Please return each entry exactly as it appears, but not the pictures.

= = = = =

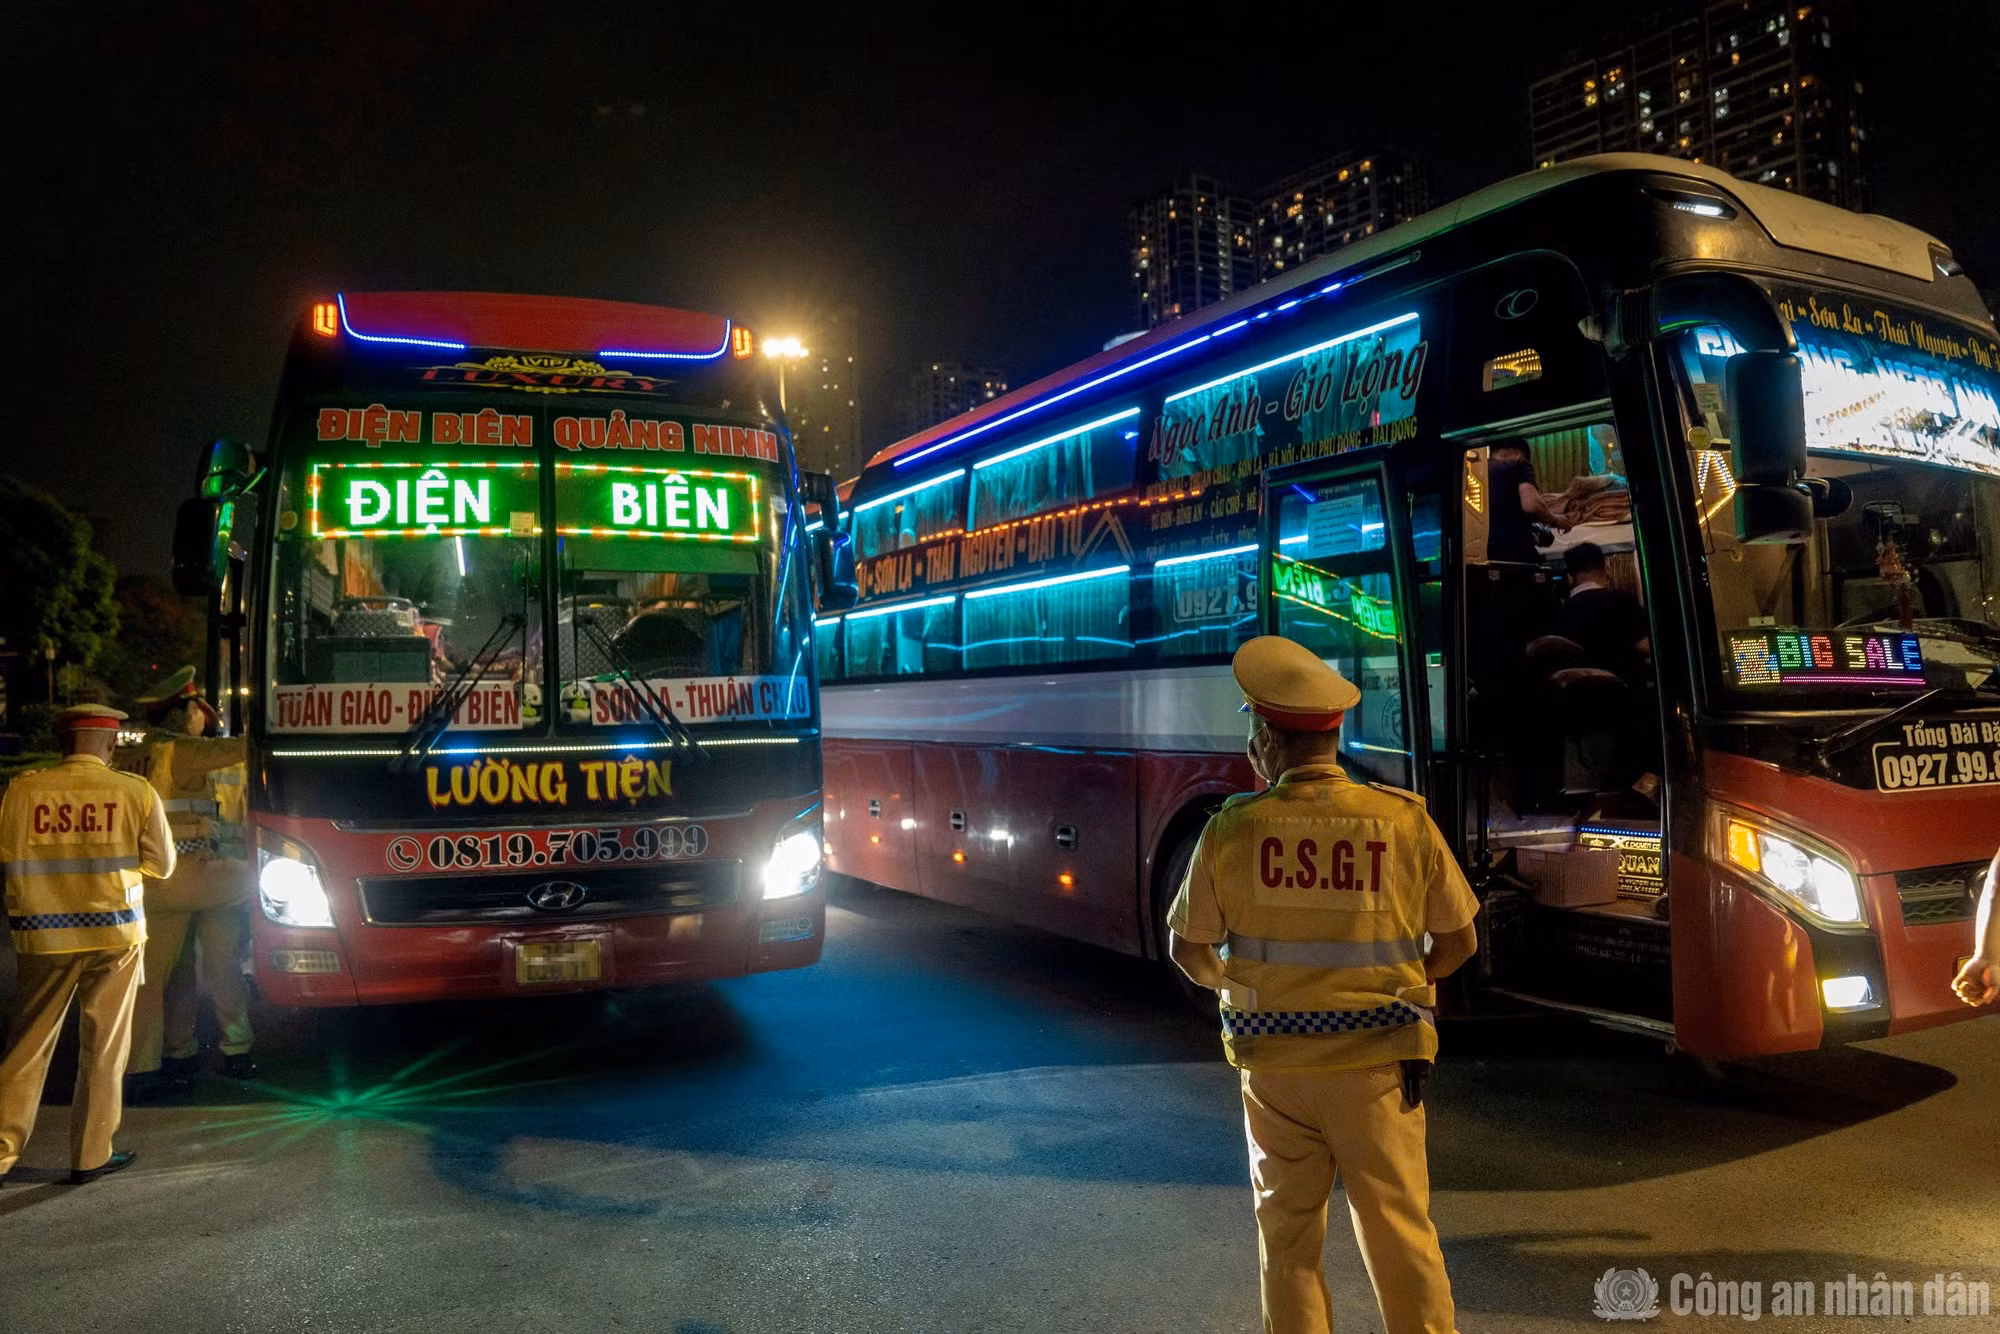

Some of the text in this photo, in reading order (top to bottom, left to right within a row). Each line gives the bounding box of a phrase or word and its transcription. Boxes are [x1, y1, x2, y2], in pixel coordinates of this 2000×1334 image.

[421, 367, 668, 391] LUXURY
[530, 356, 565, 368] VIP
[1207, 385, 1261, 443] Anh
[1283, 357, 1333, 422] Gió
[317, 403, 779, 463] ĐIỆN BIÊN QUẢNG NINH
[611, 474, 730, 530] BIÊN
[1776, 635, 1922, 670] BIG SALE
[276, 684, 333, 728] TUẦN
[340, 684, 393, 725] GIÁO
[468, 684, 520, 725] BIÊN
[685, 676, 755, 722] THUẬN
[1902, 720, 1949, 749] Tổng
[1950, 723, 1980, 745] Đài
[426, 757, 568, 806] LƯỜNG
[34, 803, 117, 835] C.S.G.T
[428, 824, 710, 870] 0819.705.999
[1261, 836, 1387, 892] C.S.G.T
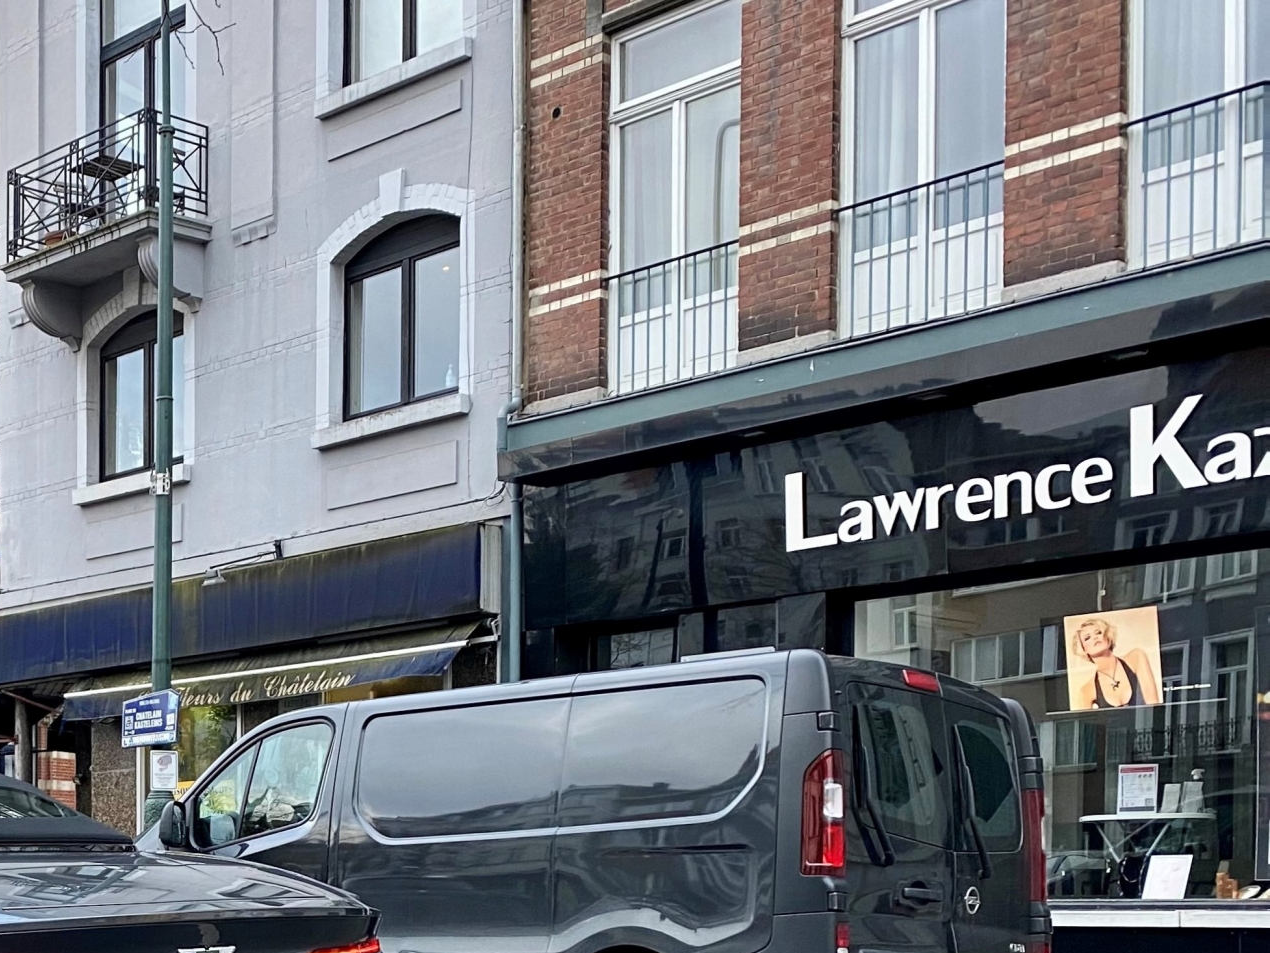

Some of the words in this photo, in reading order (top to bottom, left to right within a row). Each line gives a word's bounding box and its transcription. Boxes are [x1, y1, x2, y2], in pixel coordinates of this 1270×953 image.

= = = = =

## COMPLETED TASK
Some of the text in this photo, in reading order (top to bottom, left to right within a row). Each line gives the bounding box of a phrase or word and its transcription. Boxes are [x1, y1, x2, y2], in pixel coordinates of this 2000×1334 image.

[421, 367, 668, 391] LUXURY
[530, 356, 565, 368] VIP
[1207, 385, 1261, 443] Anh
[1283, 357, 1333, 422] Gió
[317, 403, 779, 463] ĐIỆN BIÊN QUẢNG NINH
[611, 474, 730, 530] BIÊN
[1776, 635, 1922, 670] BIG SALE
[276, 684, 333, 728] TUẦN
[340, 684, 393, 725] GIÁO
[468, 684, 520, 725] BIÊN
[685, 676, 755, 722] THUẬN
[1902, 720, 1949, 749] Tổng
[1950, 723, 1980, 745] Đài
[426, 757, 568, 806] LƯỜNG
[34, 803, 117, 835] C.S.G.T
[428, 824, 710, 870] 0819.705.999
[1261, 836, 1387, 892] C.S.G.T

Some of the words in this photo, in reading order (top to bottom, left to right within a row). Each line gives a word's bounding box and its transcription. Boxes are [x1, y1, x2, y2], in pixel coordinates of this 1270×953 image.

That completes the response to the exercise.